## Task requirements
Repeat the data as given. Images do not go in the copy.

## Annotated photo localization data
- - - -

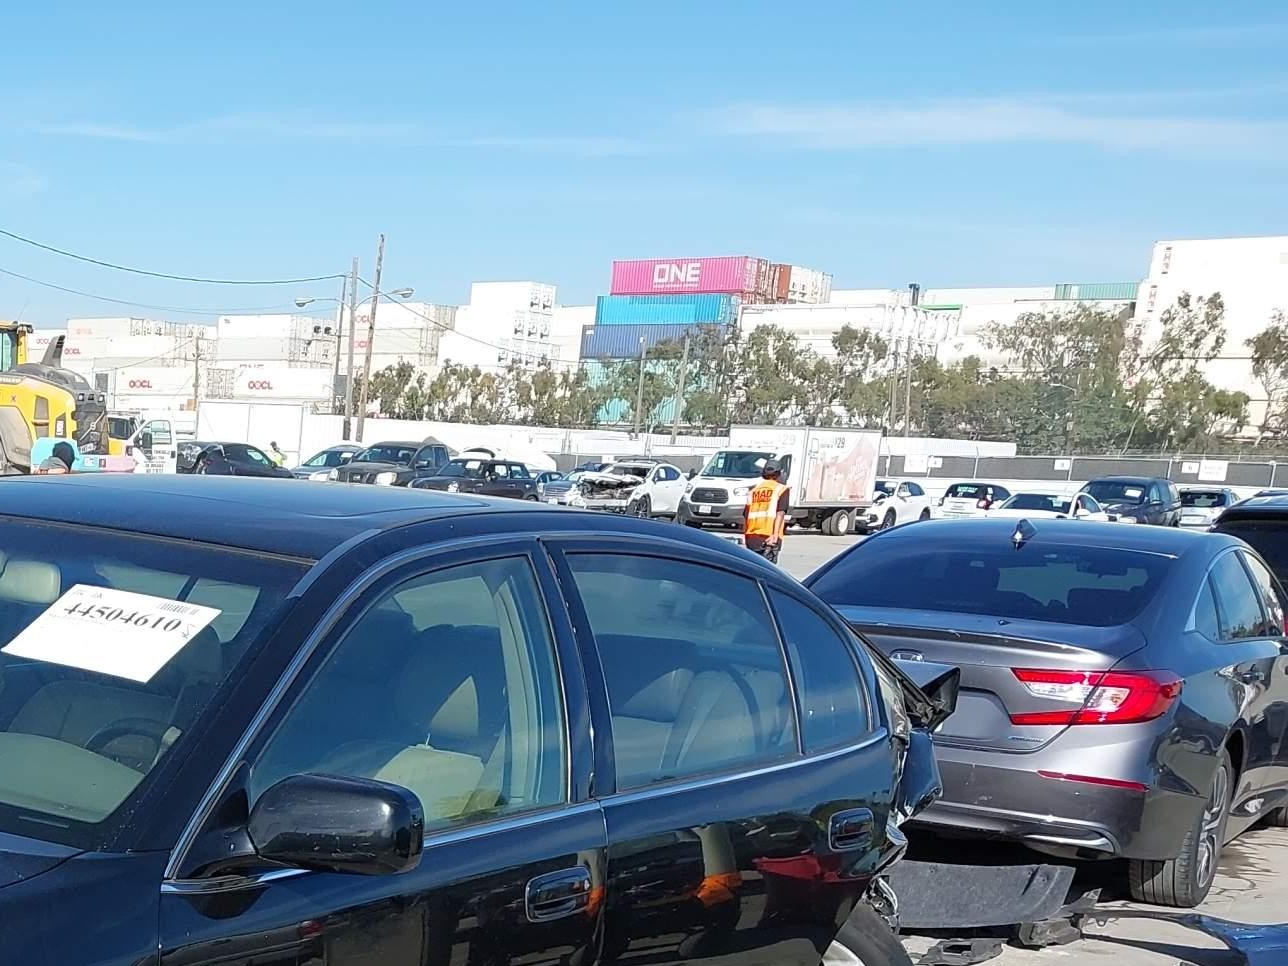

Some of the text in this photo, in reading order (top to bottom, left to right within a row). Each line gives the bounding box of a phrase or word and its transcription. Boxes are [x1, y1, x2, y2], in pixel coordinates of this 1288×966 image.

[653, 263, 701, 282] ONE
[129, 379, 153, 389] OOCL
[248, 380, 273, 390] OOCL
[752, 489, 774, 499] MAD
[64, 602, 182, 632] 44504610
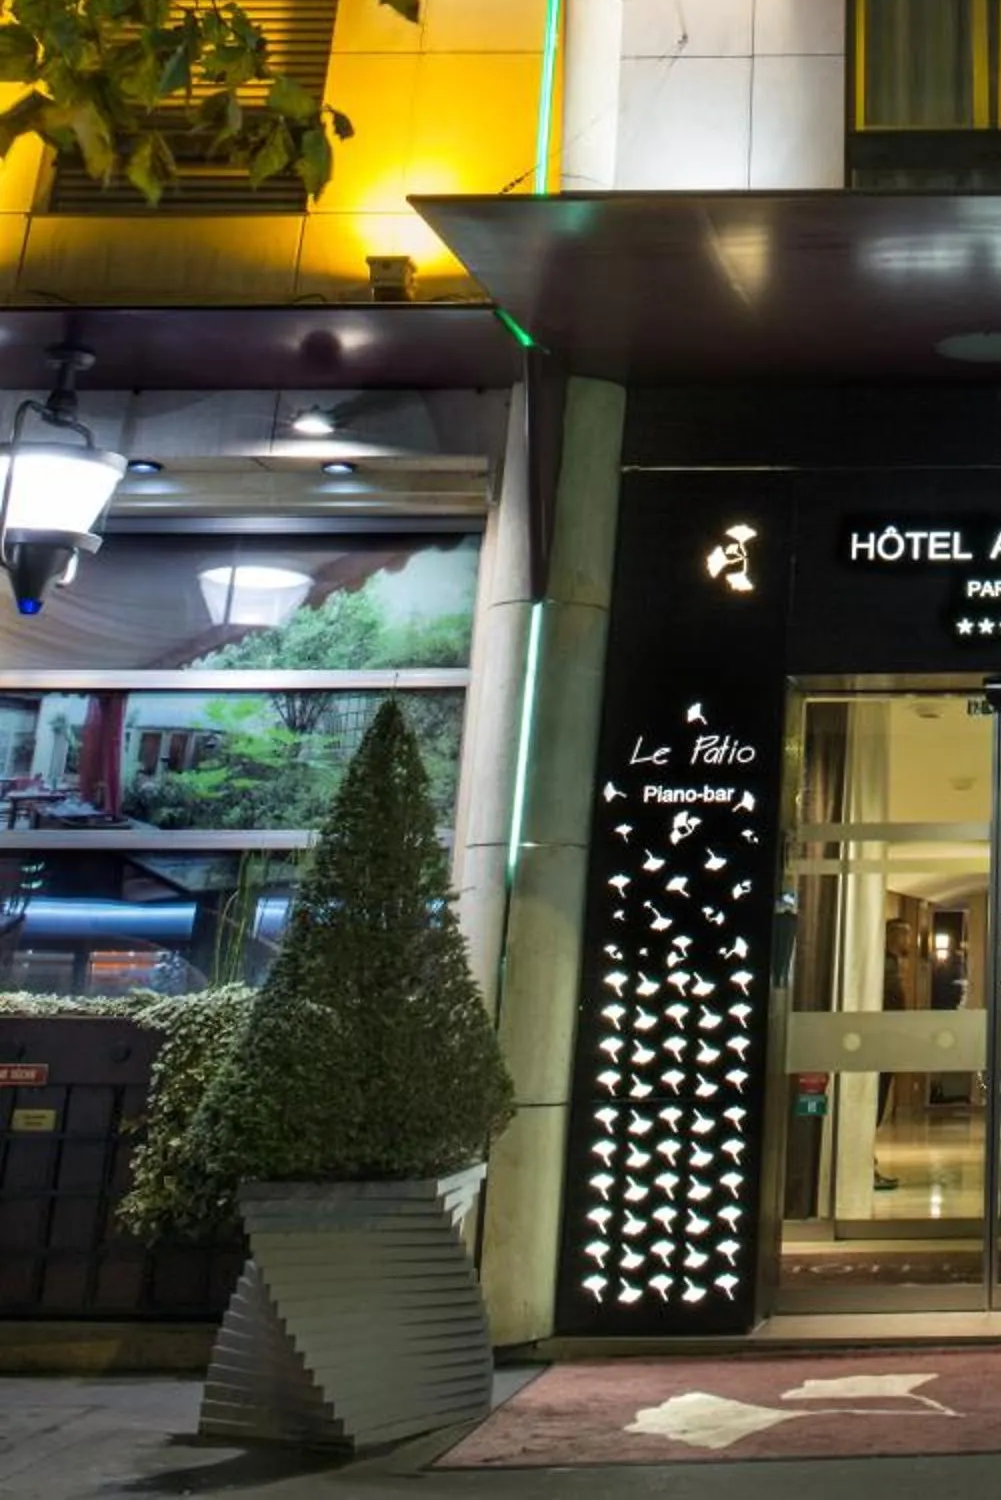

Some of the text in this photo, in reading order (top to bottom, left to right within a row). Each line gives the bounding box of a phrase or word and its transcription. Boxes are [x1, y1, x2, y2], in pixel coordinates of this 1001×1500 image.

[851, 525, 974, 561] HÔTEL
[629, 734, 756, 765] Le Patio
[643, 784, 736, 803] Piano-bar
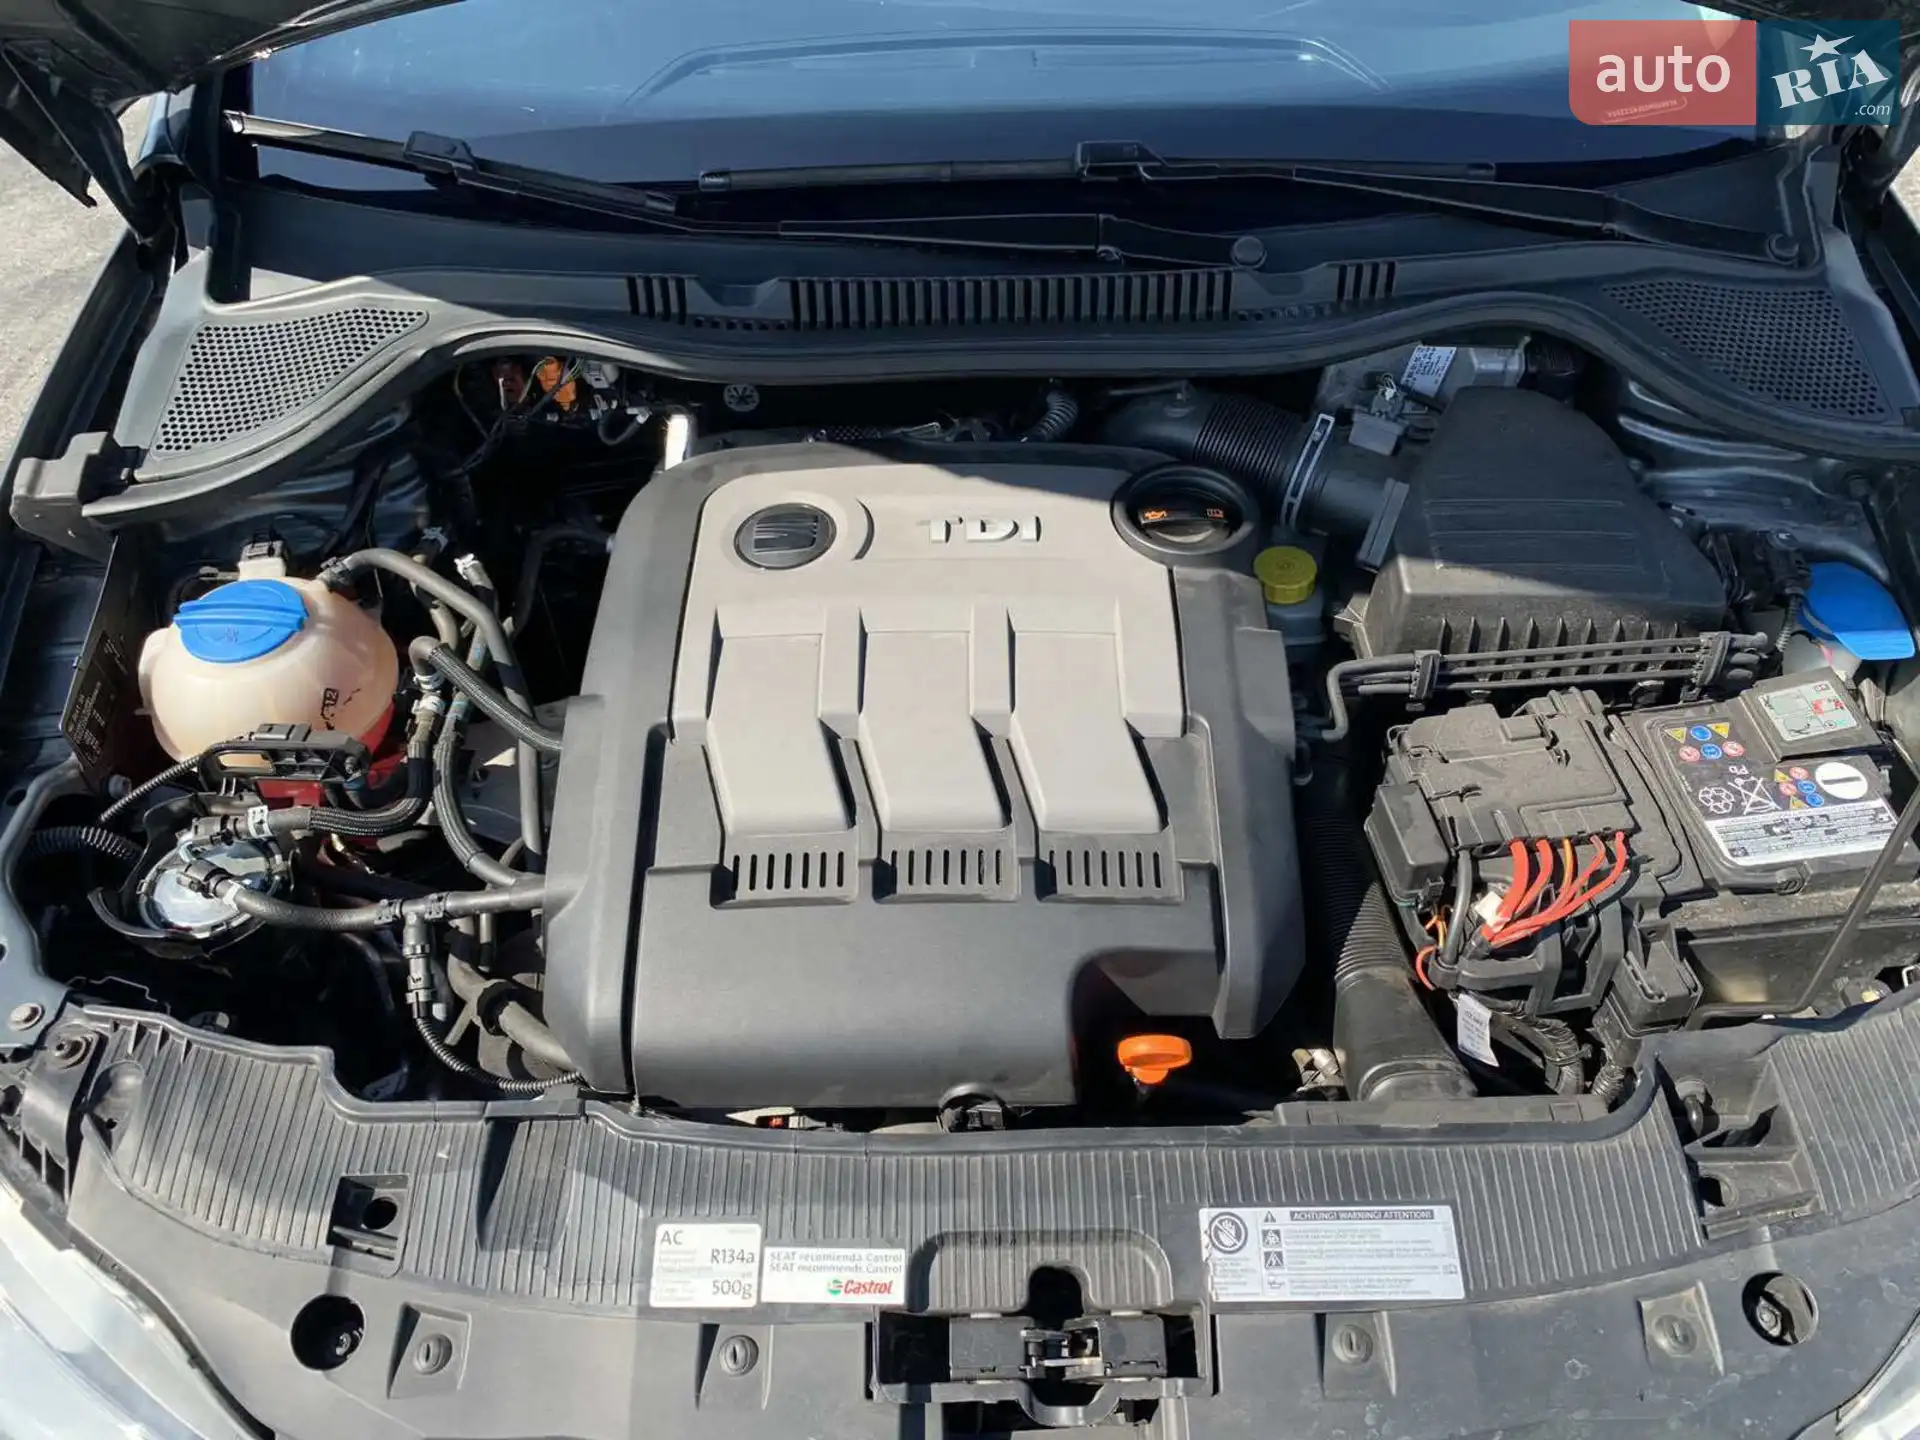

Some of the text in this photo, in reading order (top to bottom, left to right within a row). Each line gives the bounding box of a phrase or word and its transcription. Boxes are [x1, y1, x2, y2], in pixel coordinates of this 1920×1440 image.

[918, 515, 1042, 544] TDI
[1293, 1210, 1433, 1220] ACHTUNG! WARNING! ATTENTION!
[660, 1230, 684, 1246] AC
[710, 1248, 755, 1264] R134a
[769, 1251, 903, 1263] SEAT recomienda Castrol
[769, 1263, 902, 1274] SEAT recommends Castrol
[711, 1278, 753, 1300] 500g
[844, 1279, 893, 1295] Castrol

- - - -

## Response to the task
Some of the text in this photo, in reading order (top to bottom, left to right within a row). Each line gives the bounding box of a phrase or word and its transcription. Boxes are [x1, y1, x2, y2], in pixel coordinates of this 1288×966 image.

[653, 263, 701, 282] ONE
[129, 379, 153, 389] OOCL
[248, 380, 273, 390] OOCL
[752, 489, 774, 499] MAD
[64, 602, 182, 632] 44504610

Some of the text in this photo, in reading order (top to bottom, left to right within a row). Each line gives the bounding box of a phrase or word and its transcription. Boxes are [x1, y1, x2, y2], in pixel coordinates of this 1001×1500 image.

[851, 525, 974, 561] HÔTEL
[629, 734, 756, 765] Le Patio
[643, 784, 736, 803] Piano-bar

Some of the text in this photo, in reading order (top to bottom, left to right within a row). Each line gives the bounding box of a phrase or word and its transcription. Boxes are [x1, y1, x2, y2], in pixel coordinates of this 1920×1440 image.

[918, 515, 1042, 544] TDI
[1293, 1210, 1433, 1220] ACHTUNG! WARNING! ATTENTION!
[660, 1230, 684, 1246] AC
[710, 1248, 755, 1264] R134a
[769, 1251, 903, 1263] SEAT recomienda Castrol
[769, 1263, 902, 1274] SEAT recommends Castrol
[711, 1278, 753, 1300] 500g
[844, 1279, 893, 1295] Castrol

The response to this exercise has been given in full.